Alors Valentine prit le dictionnaire, et aux yeux du notaire attentif elle feuilleta les pages.
«Testament, dit son doigt arrêté par le coup d’œil de Noirtier.
– Testament! s’écria le notaire, la chose est visible, monsieur veut tester.
– Oui, fit Noirtier à plusieurs reprises.
– Voilà qui est merveilleux, monsieur, convenez-en, dit le notaire à Villefort stupéfait.
– En effet, répliqua-t-il, et plus merveilleux encore serait ce testament; car, enfin, je ne pense pas que les articles se viennent ranger sur le papier, mot par mot, sans l’intelligente inspiration de ma fille. Or, Valentine sera peut-être un peu trop intéressée à ce testament pour être un interprète convenable des obscures volontés de M. Noirtier de Villefort.

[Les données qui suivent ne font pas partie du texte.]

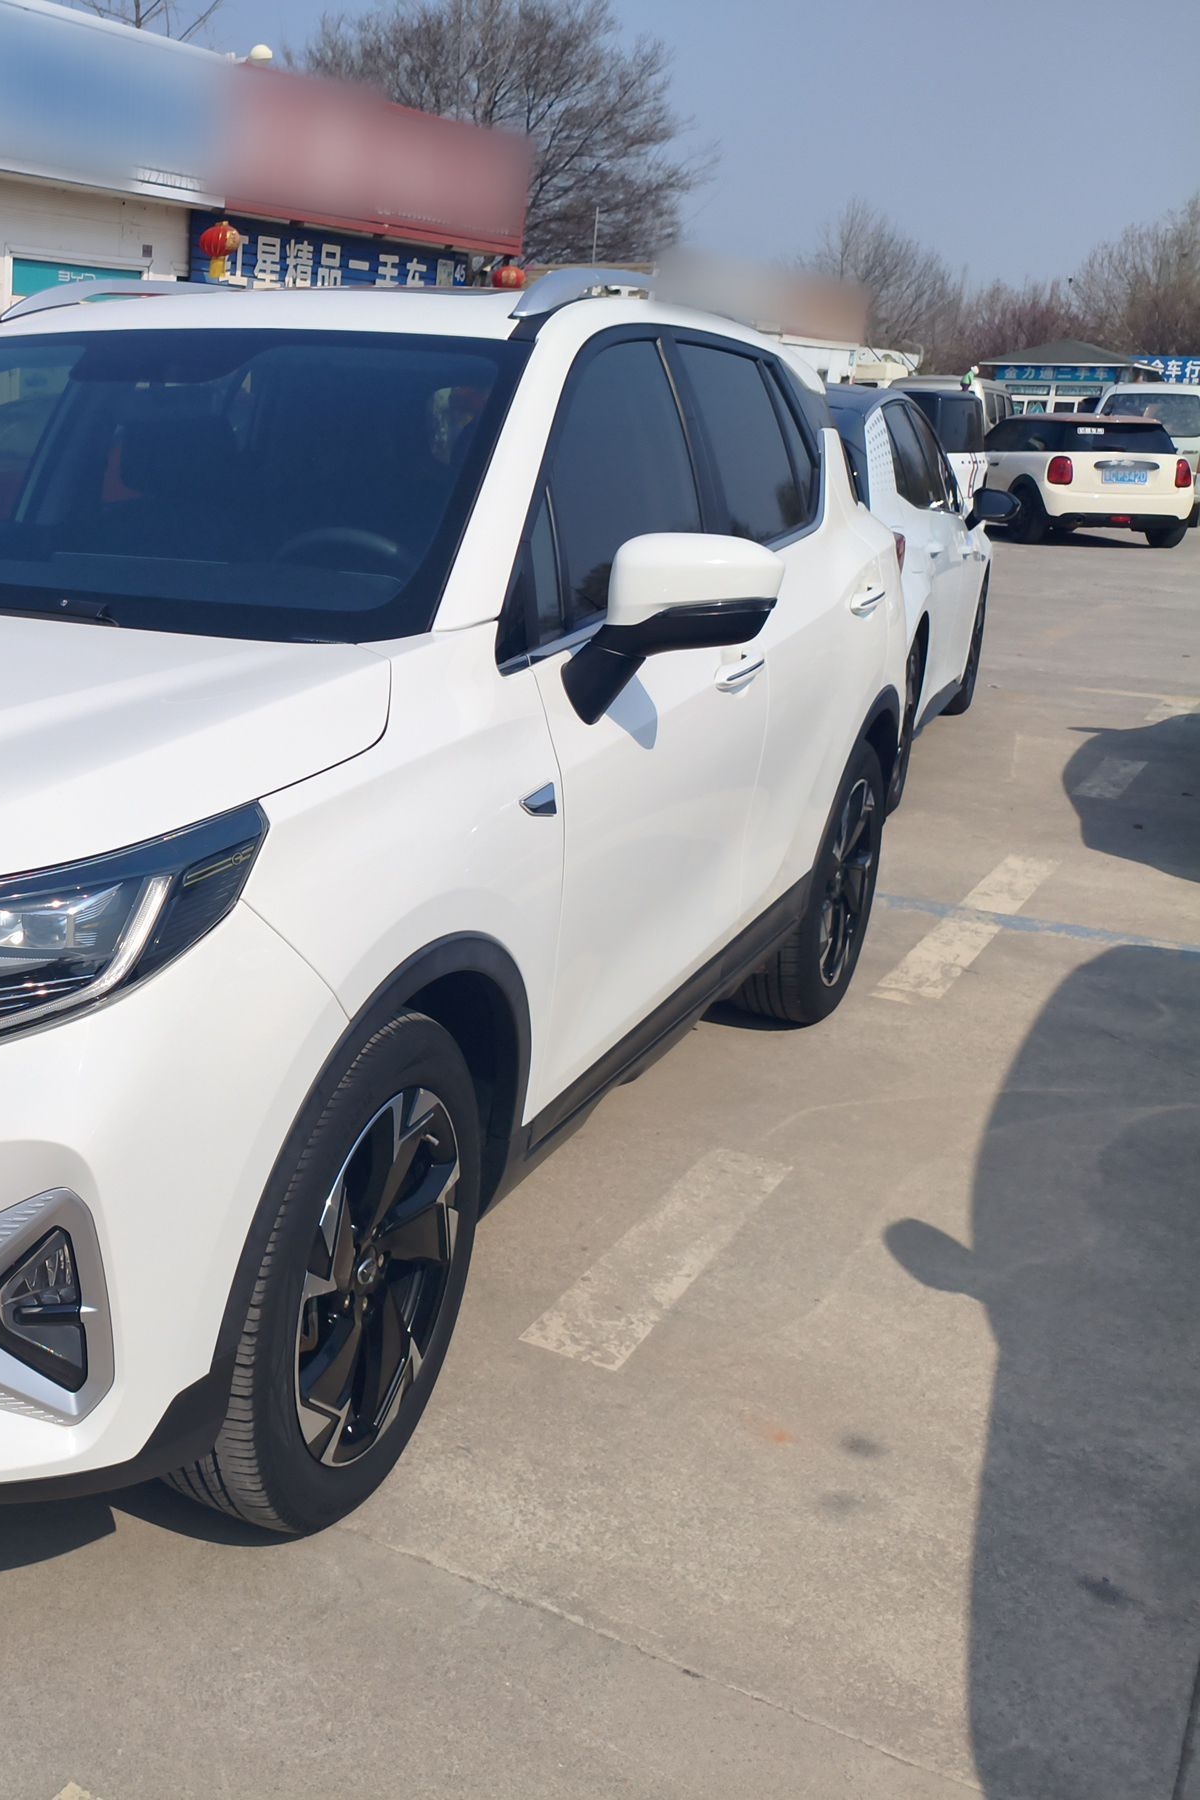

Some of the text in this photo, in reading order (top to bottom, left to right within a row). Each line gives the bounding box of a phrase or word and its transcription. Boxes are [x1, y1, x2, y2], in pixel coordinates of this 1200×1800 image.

[1004, 366, 1109, 380] 金力通二手车

– Non, non! fit le paralytique.
– Comment! dit M. de Villefort, Valentine n’est point intéressée à votre testament?
– Non, fit Noirtier.
– Monsieur, dit le notaire, qui, enchanté de cette épreuve, se promettait de raconter dans le monde les détails de cet épisode pittoresque; monsieur, rien ne me paraît plus facile maintenant que ce que tout à l’heure je regardais comme une chose impossible, et ce testament sera tout simplement un testament mystique, c’est-à-dire prévu et autorisé par la loi pourvu qu’il soit lu en face de sept témoins, approuvé par le testateur devant eux, et fermé par le notaire, toujours devant eux. Quant au temps, il durera à peine plus longtemps qu’un testament ordinaire; il y a d’abord les formules consacrées et qui sont toujours les mêmes, et quant aux détails, la plupart seront fournis par l’état même des affaires du testateur et par vous qui, les ayant gérées, les connaissez. Mais d’ailleurs, pour que cet acte demeure inattaquable, nous allons lui donner l’authenticité la plus complète; l’un de mes confrères me servira d’aide et, contre les habitudes, assistera à la dictée. Êtes-vous satisfait, monsieur? continua le notaire en s’adressant au vieillard.
– Oui», répondit Noirtier, radieux d’être compris.
«Que va-t-il faire?» se demanda Villefort à qui sa haute position commandait tant de réserve, et qui d’ailleurs, ne pouvait deviner vers quel but tendait son père.
Il se retourna donc pour envoyer chercher le deuxième notaire désigné par le premier; mais Barrois, qui avait tout entendu et qui avait deviné le désir de son maître, était déjà parti.
Alors le procureur du roi fit dire à sa femme de monter.
Au bout d’un quart d’heure, tout le monde était réuni dans la chambre du paralytique, et le second notaire était arrivé.
En peu de mots les deux officiers ministériels furent d’accord. On lut à Noirtier une formule de testament vague, banale; puis pour commencer, pour ainsi dire l’investigation de son intelligence, le premier notaire se retournant de son côté, lui dit:
«Lorsqu’on fait son testament, monsieur, c’est en faveur de quelqu’un.
– Oui, fit Noirtier.
– Avez-vous quelque idée du chiffre auquel se monte votre fortune?